There are two opposite types of magic in modern tech:
- One is a proverbial Clarke’s third law: “Any sufficiently advanced technology is indistinguishable from magic”. We all strive towards that.
- Another is that “everything is going to work out because I want it to work out and, also, do not understand the problem well enough”, known as magical thinking.
Many product companies strive toward the first type of magic. But some companies, unfortunately, rely on magical thinking to keep pushing their work ahead. Latter is perfectly fine for a new social network application, gets a bit worrying when building a next-generation mobile phone, and absolutely disastrous if you’re building security tooling.
In praise of boring #
To build technology which works like magic, we rely on boring things:
- Clear understanding of where we’re going.
- Clear understanding of risks we’re mitigating and risks we’re creating.
- Clear understanding how building blocks we rely on actually work and break.
We have our own leaps of faith, of course: we believe that fundamental cryptographic assumptions are valid enough under a chosen set of circumstances. Yet, when they are not, we are the first to question assumptions we derived. We scrutinize every step when leaping from the standards and common practice.
Inside the company, we pride ourselves in being boring and meticulous. And we have reasons for this.
Boring tooling, produced in boring ways, opens up the opportunities for secure innovations. Secure innovations deliver the security promise and do not have unexpected operational modes and corner-cases for end-user.
Boring security cuts through security complexity #
Boring things don’t leave space for mis-interpretation and unexpected behavior—boring tools kill complexity instead of multiplying it.
Complex systems built out of boring tools actually work in trivially understandable ways. While complexity is inevitable for large systems, protocols, and organisations, most types of complexity introduce more security risks and challenges.
Thus, security building blocks should be boring to minimize complexity they create.
An ecosystem of tools instead of silver bullet #
There is no silver bullet to solve a security problem. Mostly because the problem itself is part of the engineering process developers carry out. As developers prefer different ways of building software, trying to retrofit security into a single form-factor is impossible.
In other words, making anti-virus as a developer tool is 100x harder than anti-virus as an end-user application.
Take a look at most developer tools around: they are ecosystems of tools rather than “one size fits all” solutions.
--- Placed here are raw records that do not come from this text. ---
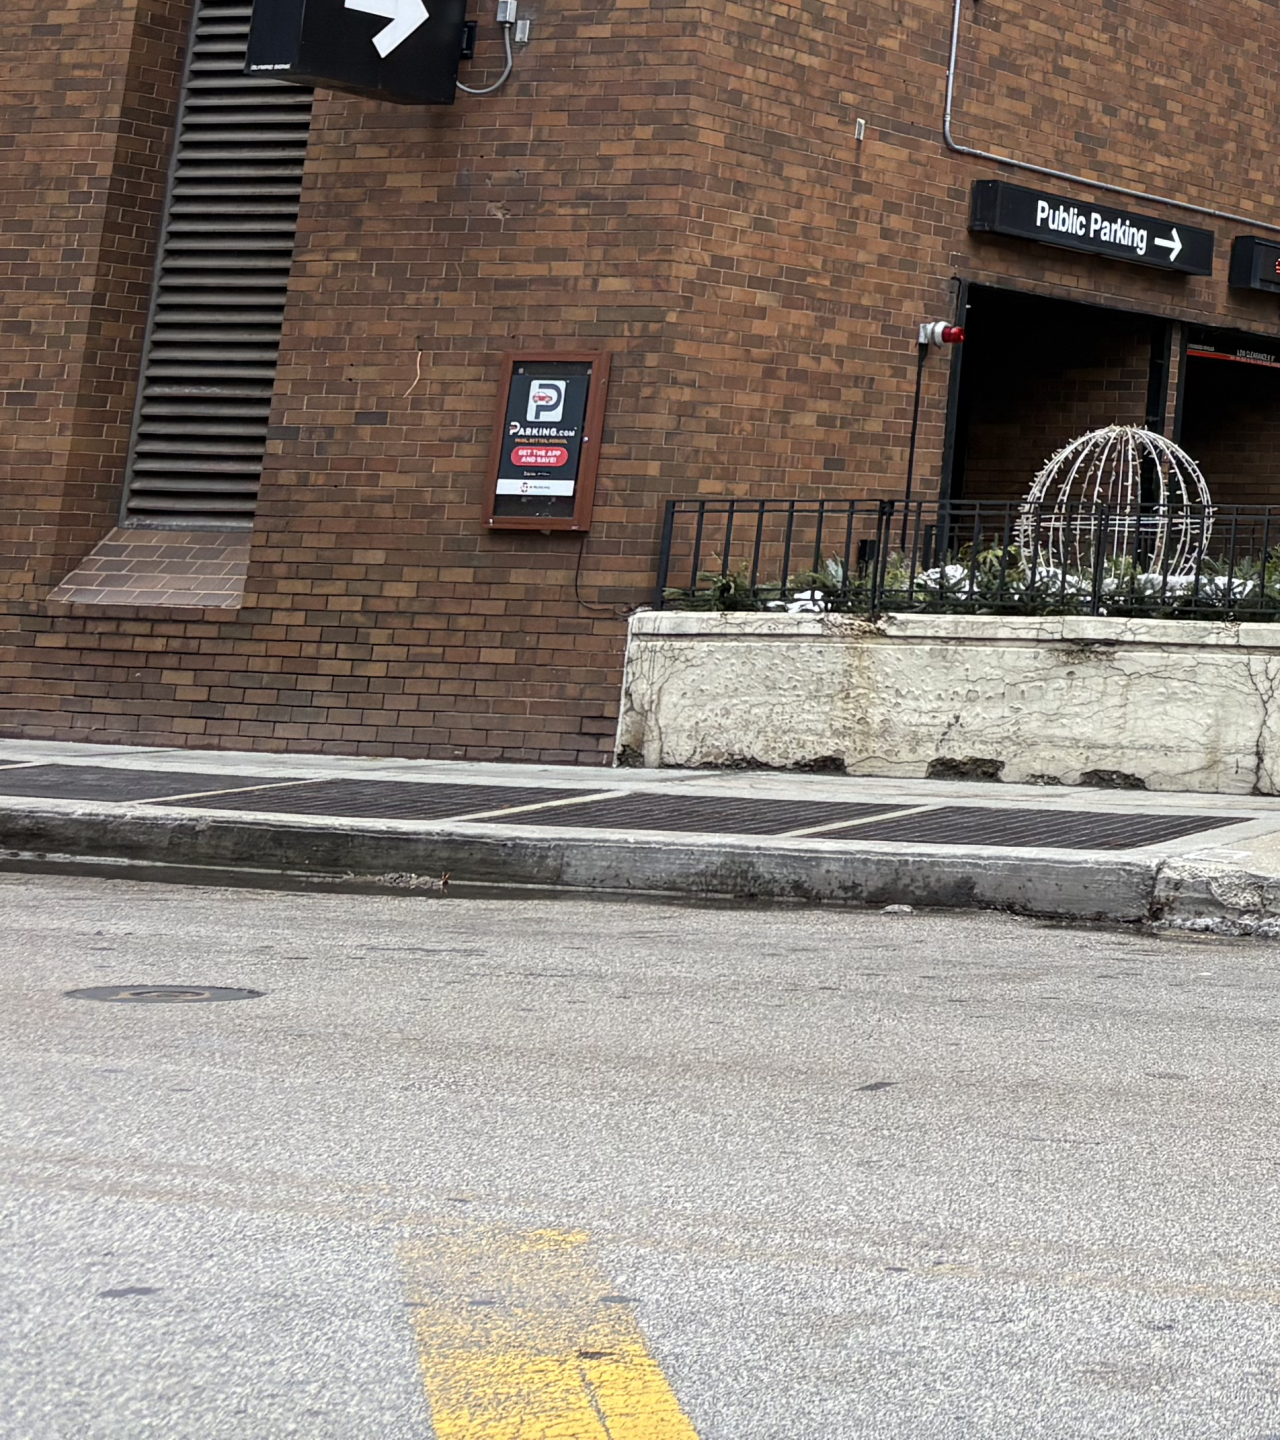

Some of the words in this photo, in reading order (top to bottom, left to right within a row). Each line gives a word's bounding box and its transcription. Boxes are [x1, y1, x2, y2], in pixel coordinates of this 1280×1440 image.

[1036, 200, 1086, 237] Public
[1089, 212, 1148, 256] Parking
[518, 449, 531, 457] GET
[533, 449, 546, 457] THE
[547, 449, 561, 458] APP
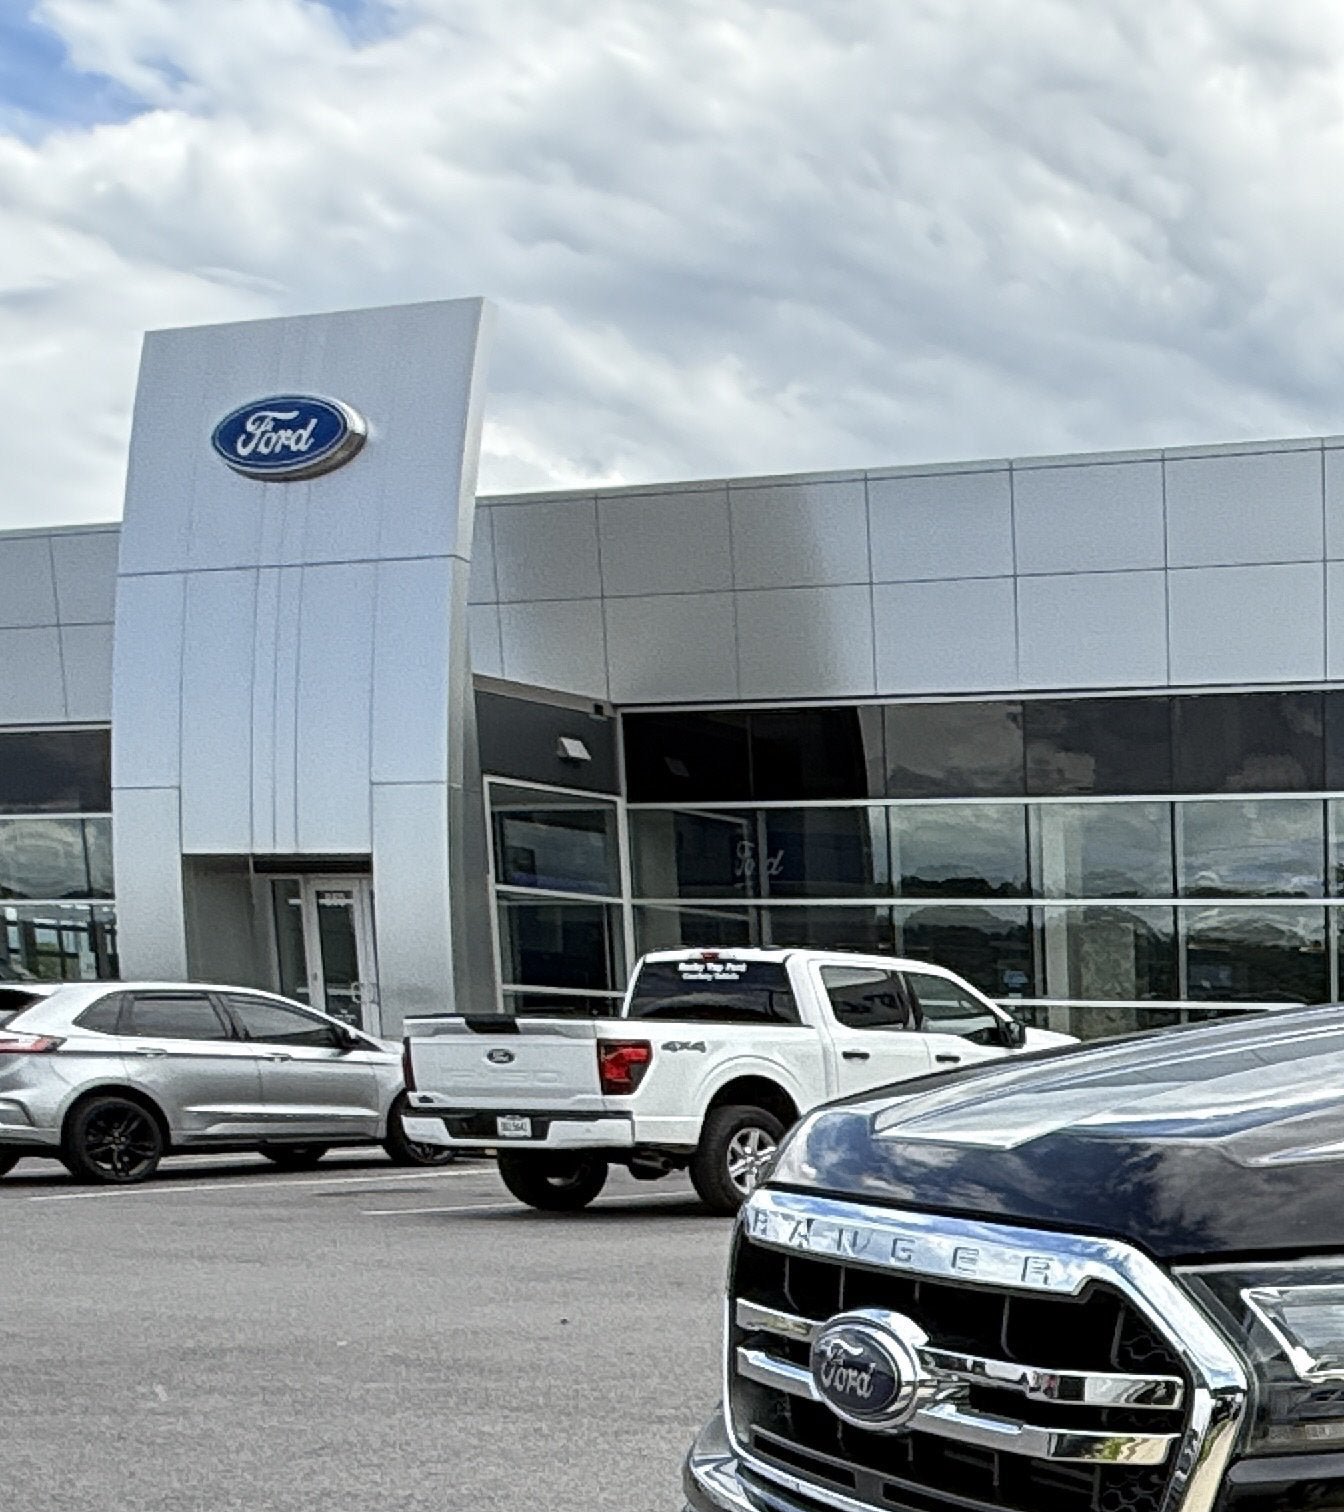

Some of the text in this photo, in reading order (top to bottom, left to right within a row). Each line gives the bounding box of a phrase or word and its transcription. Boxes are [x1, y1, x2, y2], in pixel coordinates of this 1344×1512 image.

The best value for engineers is delivered as an ecosystem—perfectly fitting their engineering efforts
Ecosystem of security tools — that’s what we do.
Atomic bits can be boring enough to encapsulate all complexity, yet to provide flexibility and interoperability.
We’ve learnt the hard way so you don’t have to #
As no one is perfect, we’ve seen plenty of the magical thinking in our own engineering experience. Taking this experience into account, over the years, we’ve embraced a culture of meticulousness, being even more boring:
- We’ve designed internal protocols that force us to be boring as we proceed: we do double checks and blind checks to get a clear eye on every single step.
- We intentionally keep long consulting projects (years) to reap the full experience together with clients. When our advice leads to even subtle hints of failure, we are there to help, fix, and be witnesses to our own shortcomings.
- We encourage an internal culture of inquiry and proof, sometimes above commercial gain.
So, a good part of our culture fit is being able to accept meticulousness and inquiry above many other merits. We rely on each other to be as boring and analytical as possible.
We build tools to enable safe, responsible, and efficient innovation for everyone, bringing more magic of advanced technology into the world.